[Record extracts]:
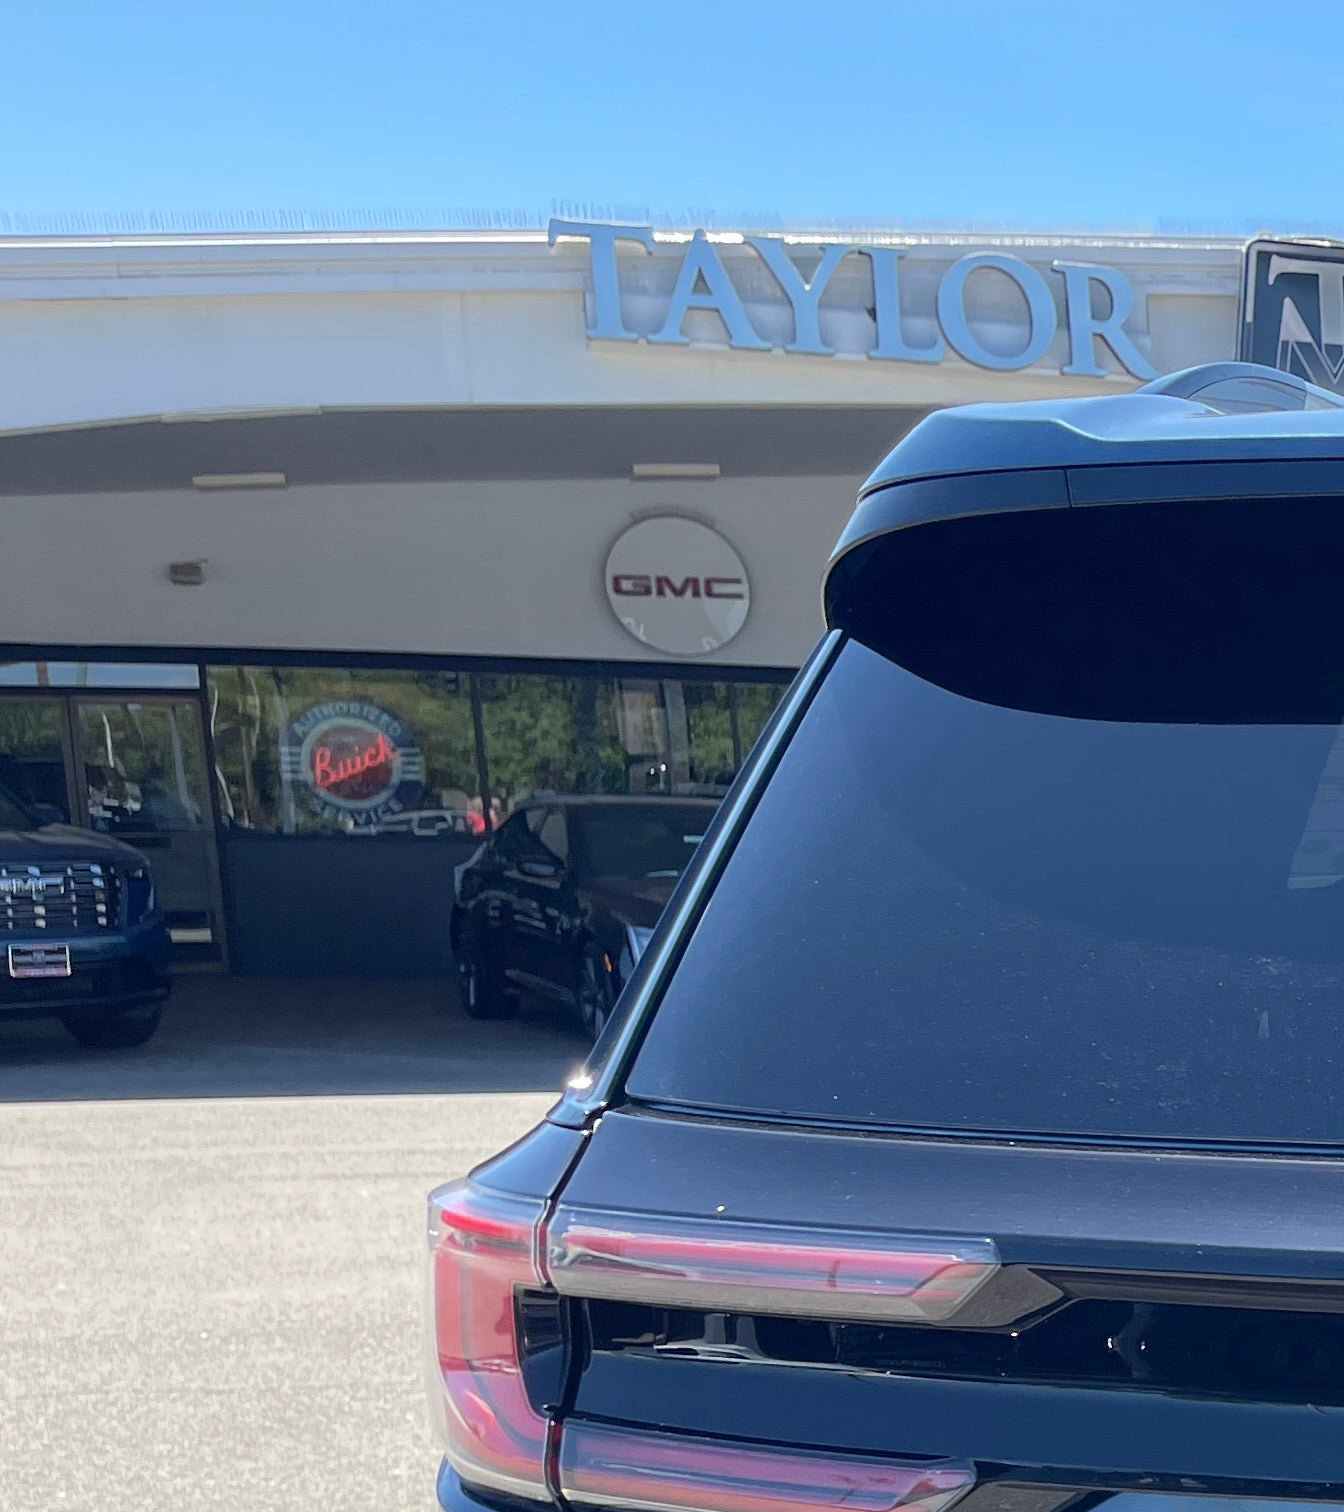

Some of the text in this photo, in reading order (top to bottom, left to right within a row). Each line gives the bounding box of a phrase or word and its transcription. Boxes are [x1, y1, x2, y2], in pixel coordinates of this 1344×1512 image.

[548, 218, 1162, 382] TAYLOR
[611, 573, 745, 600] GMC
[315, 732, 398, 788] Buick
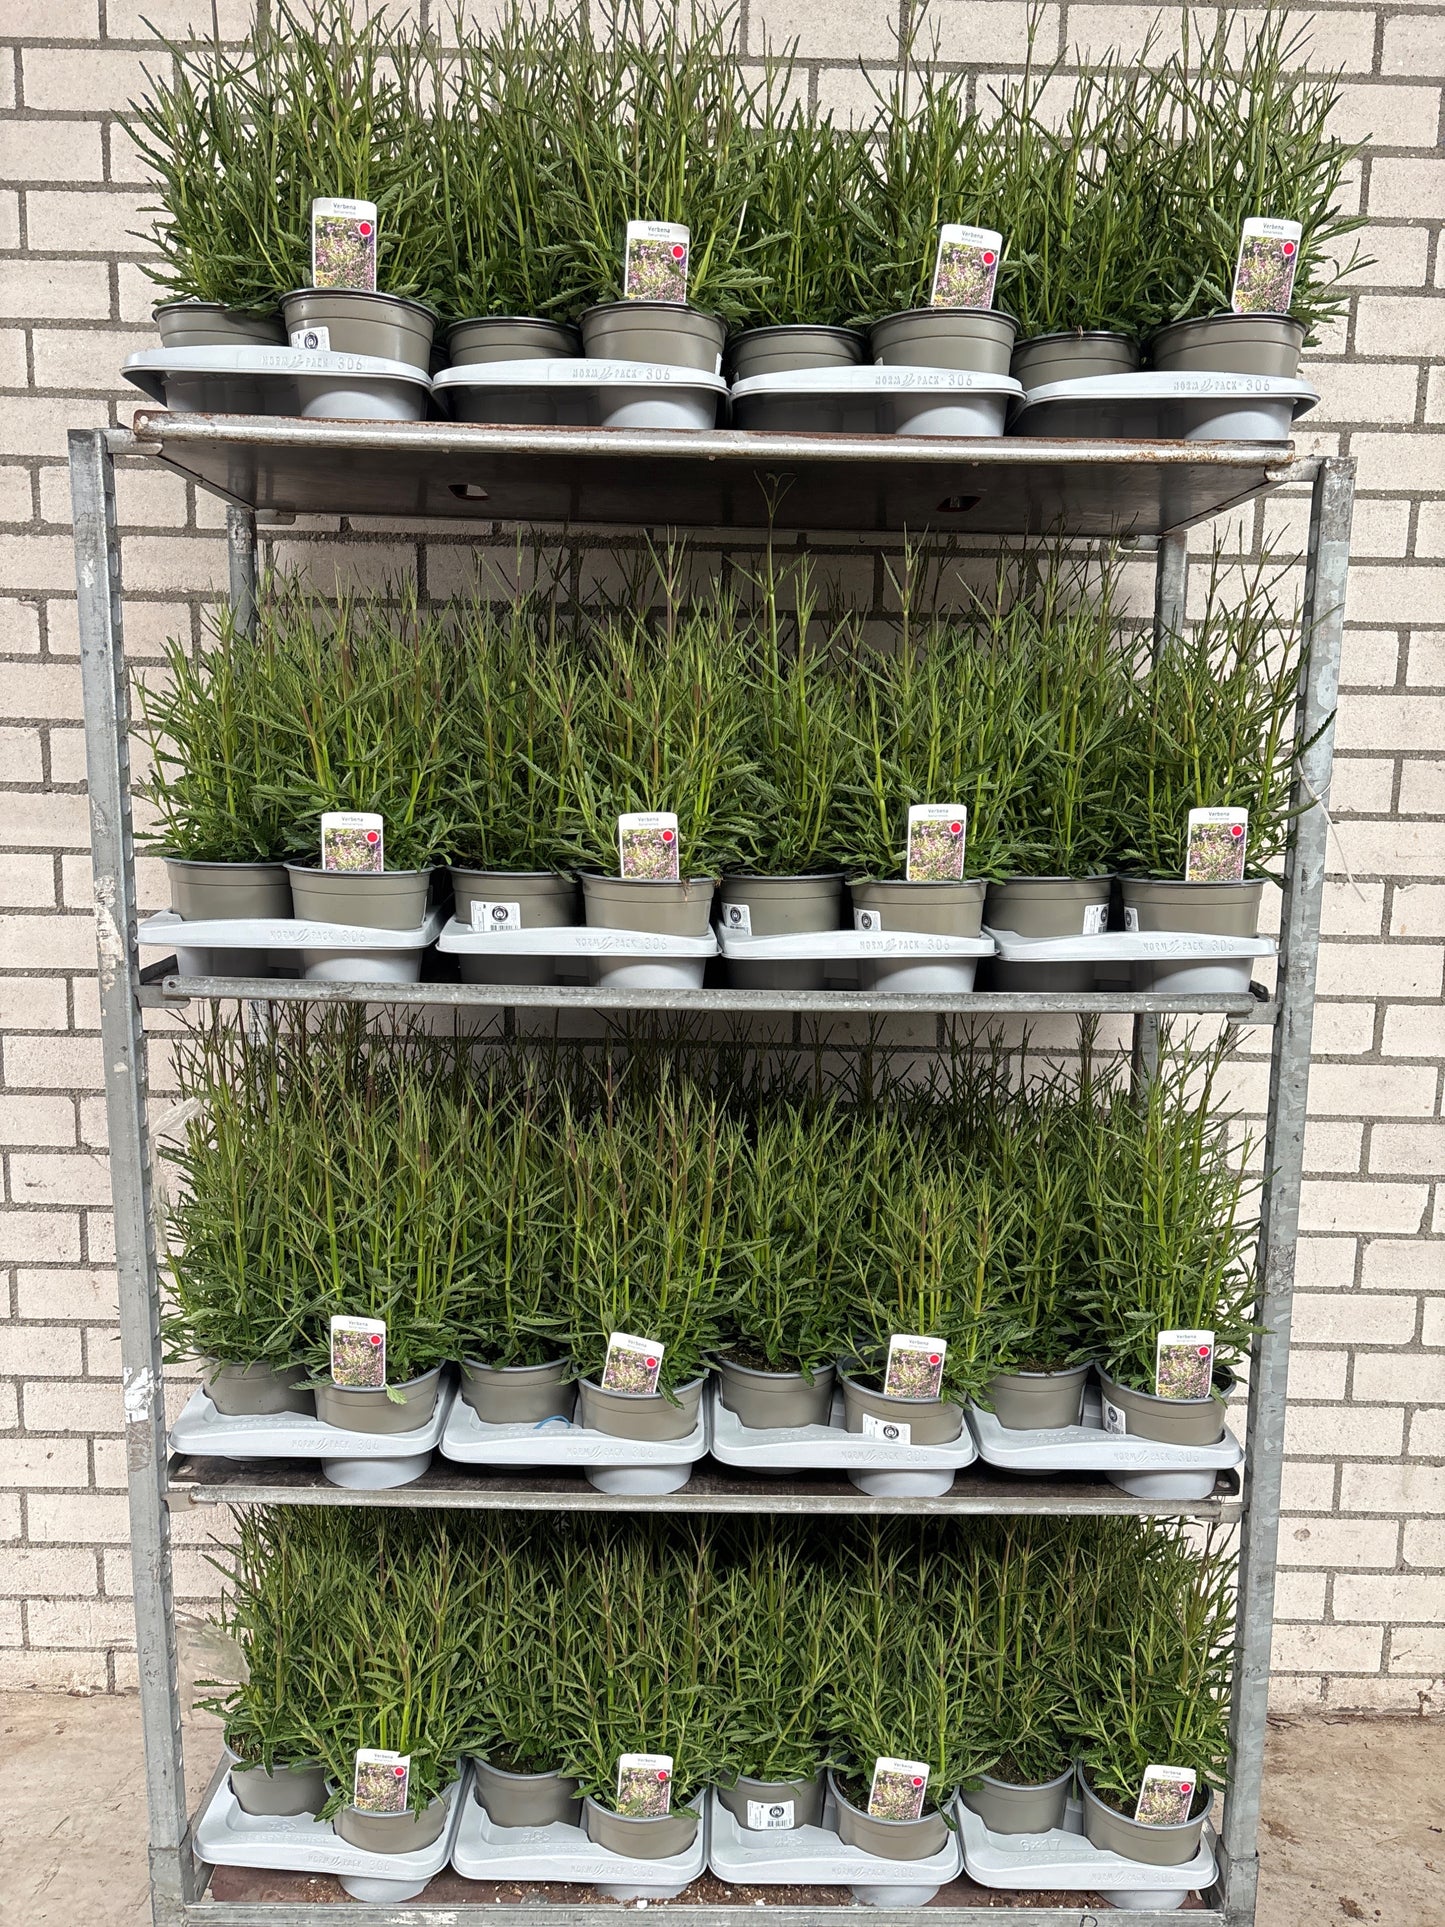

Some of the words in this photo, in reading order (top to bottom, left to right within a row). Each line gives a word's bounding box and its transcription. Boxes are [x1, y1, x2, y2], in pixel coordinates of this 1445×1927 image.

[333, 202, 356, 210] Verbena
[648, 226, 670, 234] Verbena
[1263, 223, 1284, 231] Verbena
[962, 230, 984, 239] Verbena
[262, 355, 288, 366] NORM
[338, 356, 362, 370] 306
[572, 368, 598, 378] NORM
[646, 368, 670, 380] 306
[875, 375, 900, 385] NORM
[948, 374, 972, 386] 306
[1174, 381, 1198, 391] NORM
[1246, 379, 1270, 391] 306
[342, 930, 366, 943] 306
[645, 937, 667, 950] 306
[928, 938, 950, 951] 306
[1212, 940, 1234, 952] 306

[Prompt]: Write the full listing out again with every line unchanged, but include no pictures.

[Finished exercise]:
Some of the text in this photo, in reading order (top to bottom, left to right within a row). Each line gives the bounding box of a phrase or word and its transcription. Boxes are [x1, y1, x2, y2], in pixel coordinates of this 1344×1512 image.

[548, 218, 1162, 382] TAYLOR
[611, 573, 745, 600] GMC
[315, 732, 398, 788] Buick

Some of the words in this photo, in reading order (top to bottom, left to right within a row). Each line gives a word's bounding box and its transcription. Boxes are [x1, y1, x2, y2], in pixel coordinates of this 1445×1927 image.

[333, 202, 356, 210] Verbena
[648, 226, 670, 234] Verbena
[1263, 223, 1284, 231] Verbena
[962, 230, 984, 239] Verbena
[262, 355, 288, 366] NORM
[338, 356, 362, 370] 306
[572, 368, 598, 378] NORM
[646, 368, 670, 380] 306
[875, 375, 900, 385] NORM
[948, 374, 972, 386] 306
[1174, 381, 1198, 391] NORM
[1246, 379, 1270, 391] 306
[342, 930, 366, 943] 306
[645, 937, 667, 950] 306
[928, 938, 950, 951] 306
[1212, 940, 1234, 952] 306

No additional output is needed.